If a false flag tactical nuke is deployed, then as with Syria, where NATO wants us to believe that the Syrian Arab Army needlessly deployed chemical weapons every time victory was at hand, the question is cui bono, who benefits? The only answer can be NATO and the gangster Kiev junta it supports. Not only has NATO deployed such weapons in the past but it has repeatedly threatened to use them over the last 70 years against the Soviet Union, China, Vietnam and others. Only a simpleton would believe that BlackRock or any of the other financial powers behind NATO would be perturbed by a nuclear bomb in Ukraine, as long as “Putin” could be blamed and their own quarterly profit forecasts were not hurt. If they had no problems using white phosphorus in Serbia and Iraq, why should a small nuke in the Black Sea perturb them?

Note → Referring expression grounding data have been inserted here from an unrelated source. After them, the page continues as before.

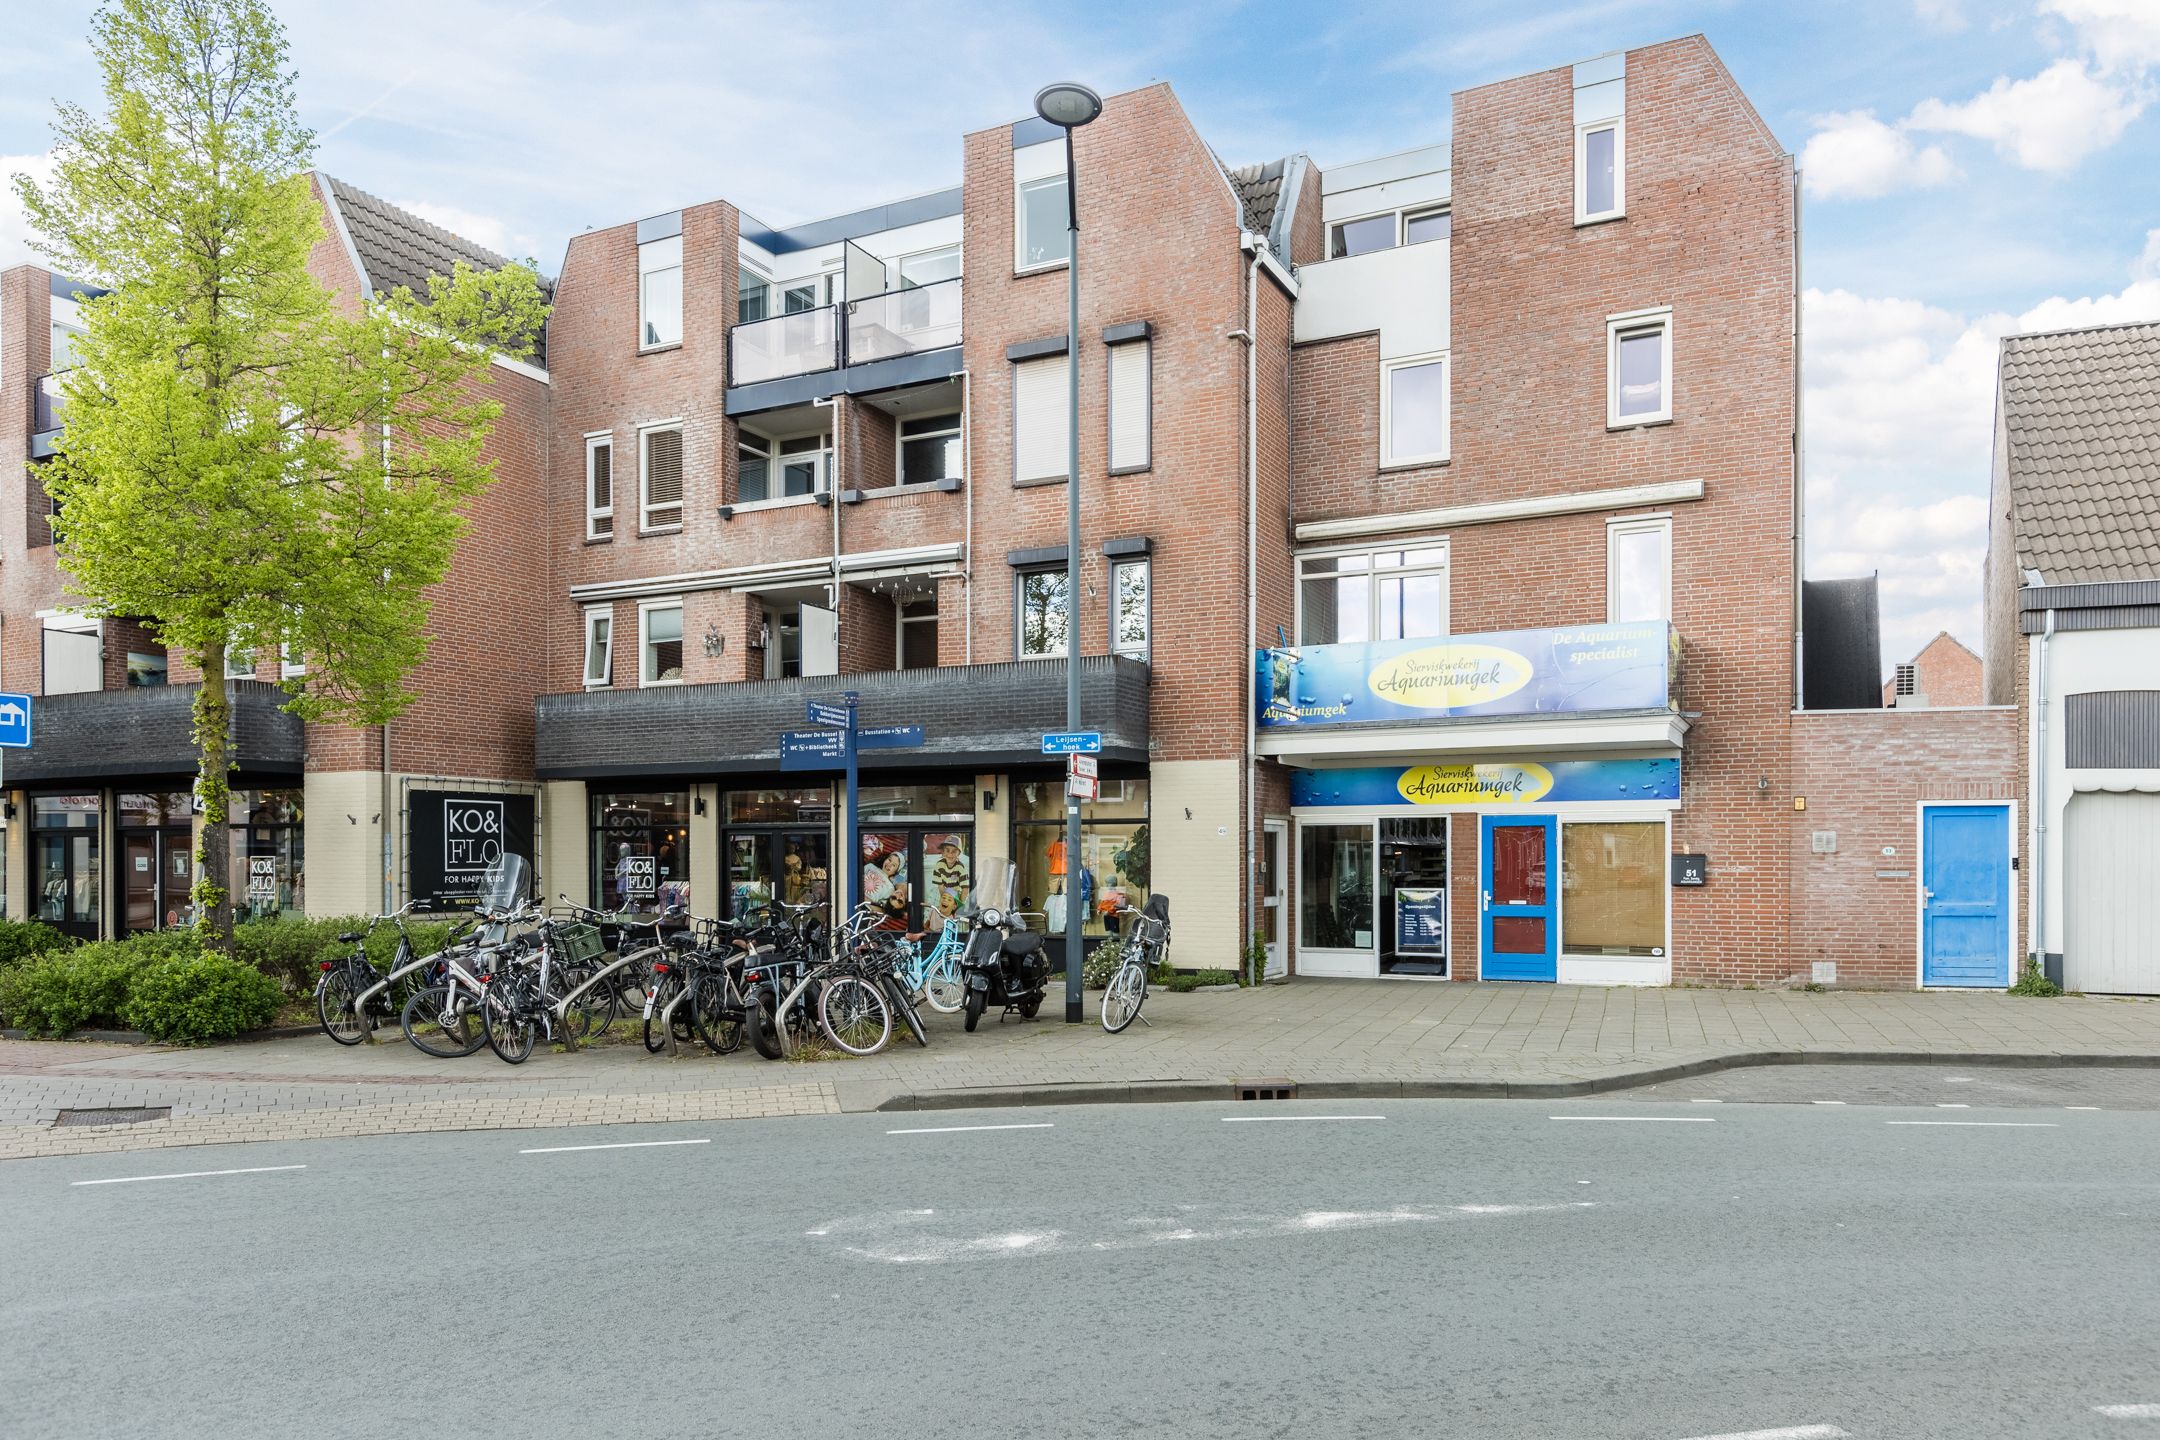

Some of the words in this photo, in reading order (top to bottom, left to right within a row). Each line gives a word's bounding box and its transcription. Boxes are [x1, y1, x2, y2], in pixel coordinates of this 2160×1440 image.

[1553, 631, 1572, 645] De
[1569, 647, 1638, 664] specialist
[1405, 657, 1480, 675] Sierviskwekerij
[1377, 663, 1500, 695] Aquariumgek
[1432, 766, 1504, 780] Sierviskwekerij
[1406, 772, 1523, 799] Aquariumgek
[449, 809, 500, 834] KO&
[449, 839, 501, 865] FLO
[251, 860, 274, 874] KO&
[628, 861, 653, 874] KO&
[251, 876, 274, 890] FLO
[444, 875, 459, 884] FOR
[486, 875, 505, 883] KIDS
[628, 875, 653, 889] FLO

Far from being idle speculation, that scenario is totally on the money. Even after America’s second nuclear terrorist attack on Nagasaki, many Imperial Japanese Army officers were prepared to fight on regardless. As were considerable numbers of Waffen SS officers as their Reich crumbled around them. And then we have the various doomsday cults, of which there is no shortage in Kiev or, for that matter, in Washington which long ago silenced Phil Donahue and its handful of other genuine anti-war journalists. If Zelensky or his CIA handlers thought they could get away with it, make no mistake, all the evidence indicates they would drop the big one.

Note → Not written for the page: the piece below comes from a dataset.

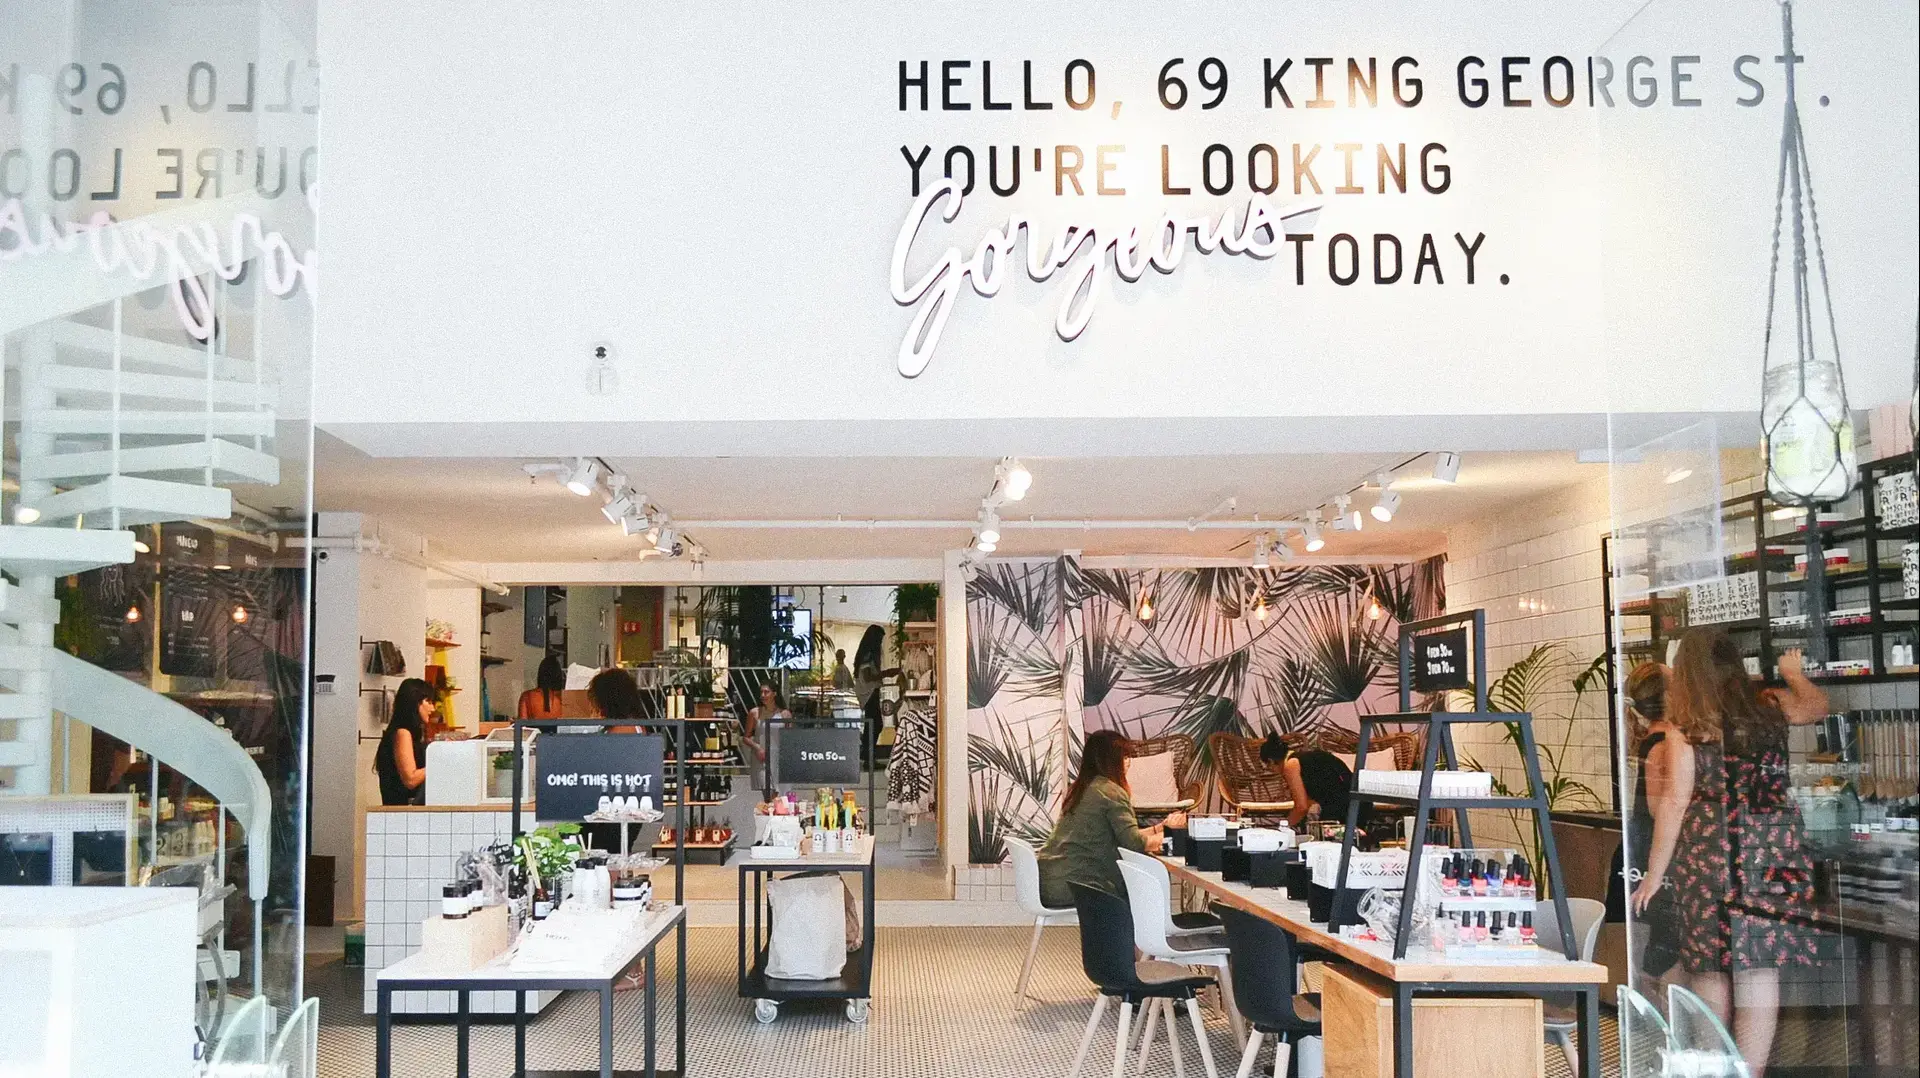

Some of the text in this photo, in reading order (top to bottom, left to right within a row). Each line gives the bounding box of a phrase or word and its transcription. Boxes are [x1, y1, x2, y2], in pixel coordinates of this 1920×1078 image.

The atomization of anti war movements in Britain, Ireland and Germany and the control of their remnants by the military intelligence units of their respective countries does not augur well, either. There currently is no effective opposition in NATO’s home countries to a false flag tactical nuclear bomb. The Nazi regime in Kiev, like the CIA’s head hacking, flesh eating Syrian rebels before them, are begging for NATO air intervention on any false flag pretext that fits the bill.

Given all that, there are only a limited number of end plays. If NATO opens the door to nuclear Armageddon, then it is soyonara and no more cherry blossom seasons in Yasukuni shrine for any of us. If mutually assured self destruction is the price NATO demands, so be it. If, on the other hand, Iran’s engineering resilience can convince the U.S., Israel and their colonies to see that the global chessboard has tilted in favor of China and their other self made enemies, then there might be hope life, as it should be lived, can continue. Though the ball is in NATO’s court, they must realize that they no longer dictate either the play or the rules of the game. They can either live with that reality or perish in the light of that truth.